- Goal of the exercise: Every single entry that follows must be copied exactly.

- Available records:
______

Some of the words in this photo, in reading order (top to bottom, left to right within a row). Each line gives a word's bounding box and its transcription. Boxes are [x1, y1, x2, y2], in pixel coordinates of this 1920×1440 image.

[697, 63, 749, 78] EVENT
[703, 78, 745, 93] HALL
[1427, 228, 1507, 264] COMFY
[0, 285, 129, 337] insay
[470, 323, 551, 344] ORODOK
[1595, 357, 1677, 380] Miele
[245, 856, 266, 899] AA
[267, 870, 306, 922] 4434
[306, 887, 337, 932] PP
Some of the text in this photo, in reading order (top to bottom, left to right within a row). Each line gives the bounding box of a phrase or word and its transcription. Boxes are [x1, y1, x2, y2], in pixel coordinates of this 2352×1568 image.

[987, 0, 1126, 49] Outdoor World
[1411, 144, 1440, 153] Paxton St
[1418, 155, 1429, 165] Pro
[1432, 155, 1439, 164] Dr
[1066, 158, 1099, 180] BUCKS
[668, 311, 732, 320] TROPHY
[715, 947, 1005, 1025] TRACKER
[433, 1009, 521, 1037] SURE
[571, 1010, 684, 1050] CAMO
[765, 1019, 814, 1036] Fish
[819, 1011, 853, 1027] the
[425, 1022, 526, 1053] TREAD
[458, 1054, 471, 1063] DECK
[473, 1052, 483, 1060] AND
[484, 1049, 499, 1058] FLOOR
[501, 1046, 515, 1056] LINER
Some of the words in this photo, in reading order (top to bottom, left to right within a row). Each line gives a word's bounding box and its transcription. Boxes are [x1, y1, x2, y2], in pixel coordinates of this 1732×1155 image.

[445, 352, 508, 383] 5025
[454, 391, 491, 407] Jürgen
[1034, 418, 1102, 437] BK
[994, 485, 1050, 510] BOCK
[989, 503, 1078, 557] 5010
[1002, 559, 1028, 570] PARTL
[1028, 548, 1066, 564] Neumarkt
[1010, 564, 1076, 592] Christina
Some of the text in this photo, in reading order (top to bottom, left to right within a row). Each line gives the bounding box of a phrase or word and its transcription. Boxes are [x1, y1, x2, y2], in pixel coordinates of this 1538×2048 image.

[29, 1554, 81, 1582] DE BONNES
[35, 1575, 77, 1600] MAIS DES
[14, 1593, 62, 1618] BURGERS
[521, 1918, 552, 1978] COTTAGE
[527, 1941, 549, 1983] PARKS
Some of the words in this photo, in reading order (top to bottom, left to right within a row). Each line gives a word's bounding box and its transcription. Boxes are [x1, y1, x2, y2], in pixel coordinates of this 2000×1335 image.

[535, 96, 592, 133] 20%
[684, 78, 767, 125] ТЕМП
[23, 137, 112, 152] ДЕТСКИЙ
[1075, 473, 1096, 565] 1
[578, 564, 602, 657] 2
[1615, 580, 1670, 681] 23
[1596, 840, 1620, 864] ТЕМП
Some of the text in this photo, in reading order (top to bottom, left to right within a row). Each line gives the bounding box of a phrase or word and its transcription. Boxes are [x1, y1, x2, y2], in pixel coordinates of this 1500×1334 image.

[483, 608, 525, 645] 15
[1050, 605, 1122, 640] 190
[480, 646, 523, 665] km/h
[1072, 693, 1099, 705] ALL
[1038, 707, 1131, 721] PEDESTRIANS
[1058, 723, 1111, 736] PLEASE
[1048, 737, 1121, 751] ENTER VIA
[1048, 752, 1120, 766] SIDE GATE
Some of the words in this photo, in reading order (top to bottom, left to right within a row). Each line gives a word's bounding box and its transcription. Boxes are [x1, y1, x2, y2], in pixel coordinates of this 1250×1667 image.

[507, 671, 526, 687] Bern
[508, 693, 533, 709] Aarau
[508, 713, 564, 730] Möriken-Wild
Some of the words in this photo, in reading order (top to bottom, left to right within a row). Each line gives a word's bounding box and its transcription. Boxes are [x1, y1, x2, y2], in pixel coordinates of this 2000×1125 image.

______

- Completed task:
Some of the words in this photo, in reading order (top to bottom, left to right within a row). Each line gives a word's bounding box and its transcription. Boxes are [x1, y1, x2, y2], in pixel coordinates of this 1920×1440 image.

[697, 63, 749, 78] EVENT
[703, 78, 745, 93] HALL
[1427, 228, 1507, 264] COMFY
[0, 285, 129, 337] insay
[470, 323, 551, 344] ORODOK
[1595, 357, 1677, 380] Miele
[245, 856, 266, 899] AA
[267, 870, 306, 922] 4434
[306, 887, 337, 932] PP
Some of the text in this photo, in reading order (top to bottom, left to right within a row). Each line gives the bounding box of a phrase or word and its transcription. Boxes are [x1, y1, x2, y2], in pixel coordinates of this 2352×1568 image.

[987, 0, 1126, 49] Outdoor World
[1411, 144, 1440, 153] Paxton St
[1418, 155, 1429, 165] Pro
[1432, 155, 1439, 164] Dr
[1066, 158, 1099, 180] BUCKS
[668, 311, 732, 320] TROPHY
[715, 947, 1005, 1025] TRACKER
[433, 1009, 521, 1037] SURE
[571, 1010, 684, 1050] CAMO
[765, 1019, 814, 1036] Fish
[819, 1011, 853, 1027] the
[425, 1022, 526, 1053] TREAD
[458, 1054, 471, 1063] DECK
[473, 1052, 483, 1060] AND
[484, 1049, 499, 1058] FLOOR
[501, 1046, 515, 1056] LINER
Some of the words in this photo, in reading order (top to bottom, left to right within a row). Each line gives a word's bounding box and its transcription. Boxes are [x1, y1, x2, y2], in pixel coordinates of this 1732×1155 image.

[445, 352, 508, 383] 5025
[454, 391, 491, 407] Jürgen
[1034, 418, 1102, 437] BK
[994, 485, 1050, 510] BOCK
[989, 503, 1078, 557] 5010
[1002, 559, 1028, 570] PARTL
[1028, 548, 1066, 564] Neumarkt
[1010, 564, 1076, 592] Christina
Some of the text in this photo, in reading order (top to bottom, left to right within a row). Each line gives the bounding box of a phrase or word and its transcription. Boxes are [x1, y1, x2, y2], in pixel coordinates of this 1538×2048 image.

[29, 1554, 81, 1582] DE BONNES
[35, 1575, 77, 1600] MAIS DES
[14, 1593, 62, 1618] BURGERS
[521, 1918, 552, 1978] COTTAGE
[527, 1941, 549, 1983] PARKS
Some of the words in this photo, in reading order (top to bottom, left to right within a row). Each line gives a word's bounding box and its transcription. Boxes are [x1, y1, x2, y2], in pixel coordinates of this 2000×1335 image.

[535, 96, 592, 133] 20%
[684, 78, 767, 125] ТЕМП
[23, 137, 112, 152] ДЕТСКИЙ
[1075, 473, 1096, 565] 1
[578, 564, 602, 657] 2
[1615, 580, 1670, 681] 23
[1596, 840, 1620, 864] ТЕМП
Some of the text in this photo, in reading order (top to bottom, left to right within a row). Each line gives the bounding box of a phrase or word and its transcription. Boxes are [x1, y1, x2, y2], in pixel coordinates of this 1500×1334 image.

[483, 608, 525, 645] 15
[1050, 605, 1122, 640] 190
[480, 646, 523, 665] km/h
[1072, 693, 1099, 705] ALL
[1038, 707, 1131, 721] PEDESTRIANS
[1058, 723, 1111, 736] PLEASE
[1048, 737, 1121, 751] ENTER VIA
[1048, 752, 1120, 766] SIDE GATE
Some of the words in this photo, in reading order (top to bottom, left to right within a row). Each line gives a word's bounding box and its transcription. Boxes are [x1, y1, x2, y2], in pixel coordinates of this 1250×1667 image.

[507, 671, 526, 687] Bern
[508, 693, 533, 709] Aarau
[508, 713, 564, 730] Möriken-Wild
Some of the words in this photo, in reading order (top to bottom, left to right within a row). Each line gives a word's bounding box and its transcription. Boxes are [x1, y1, x2, y2], in pixel coordinates of this 2000×1125 image.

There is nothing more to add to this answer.